Alors que Chifuyu était sur le point de terminer, une voix incroyablement enthousiaste remplissait la salle.
« Attendez, attendez, attendez ! Mettez cette idée en attente ! » La voix venait du plafond, de tous les endroits. Alors que nous levions tous les yeux, la tête de Tabane était sortie du bois.
« Madame Yamada… Enlevez-la, » déclara Chifuyu.
« Hein ? Ah, oui, madame ! Professeur Shinonono, si vous pouviez descendre de là…, » déclara Yamada.

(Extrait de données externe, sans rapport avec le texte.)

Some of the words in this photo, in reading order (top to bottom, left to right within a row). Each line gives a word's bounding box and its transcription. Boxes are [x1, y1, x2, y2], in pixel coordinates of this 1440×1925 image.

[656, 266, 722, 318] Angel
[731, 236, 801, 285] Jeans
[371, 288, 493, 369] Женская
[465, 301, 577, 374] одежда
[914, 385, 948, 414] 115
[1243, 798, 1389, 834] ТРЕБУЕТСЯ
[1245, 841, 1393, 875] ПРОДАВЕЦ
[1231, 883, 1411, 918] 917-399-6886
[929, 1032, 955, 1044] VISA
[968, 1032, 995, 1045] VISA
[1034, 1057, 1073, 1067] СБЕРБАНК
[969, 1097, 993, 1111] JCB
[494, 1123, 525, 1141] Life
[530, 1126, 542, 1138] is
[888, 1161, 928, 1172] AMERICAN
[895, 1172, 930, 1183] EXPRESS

« Geronimo ! » cria Tabane.
Tabane avait fait un saut périlleux avant de toucher le sol. Son agilité ferait l’envie de tout clown de cirque. Combien de tours stupides avait-elle dans sa manche ?
« Chichan ! Chichan ! J’ai une idée qui est tellement mieux dans ma tête en ce moment ! » déclara Tabane.
« Sors d’ici… Maintenant, » déclara Chifuyu.
Chifuyu tenait une paume sur son front. Mme Yamada s’était avancée pour faire sortir Tabane de la pièce, mais Tabane avait réussi à s’échapper.
« Écoutez, écoutez, écoutez ! C’est le moment pour Akatsubaki de faire ses débuts ! » déclara Tabane.
« Quoi ? » demanda Chifuyu.
« Regardez ses caractéristiques ! Même sans un ensemble spécial, il est capable de vitesses supersoniques ! » Tabane avait ouvert un écran autour de Chifuyu, comme pour la piéger, avant même qu’elle ait fini de parler. « On déplace juste quelques panneaux d’armure, ici et ici et ici et ici et ici et ici. Et, tadah ! C’est plus que suffisant ! »
Déplace quelques panneaux d’armures ? Je n’avais jamais entendu parler de quelque chose comme ça auparavant, alors j’avais tourné la tête pour regarder les écrans autour de Chifuyu. Elle avait même pris en charge l’affichage principal qui montrait les spécifications de Silverio Gospel et l’avait changé pour Akatsubaki.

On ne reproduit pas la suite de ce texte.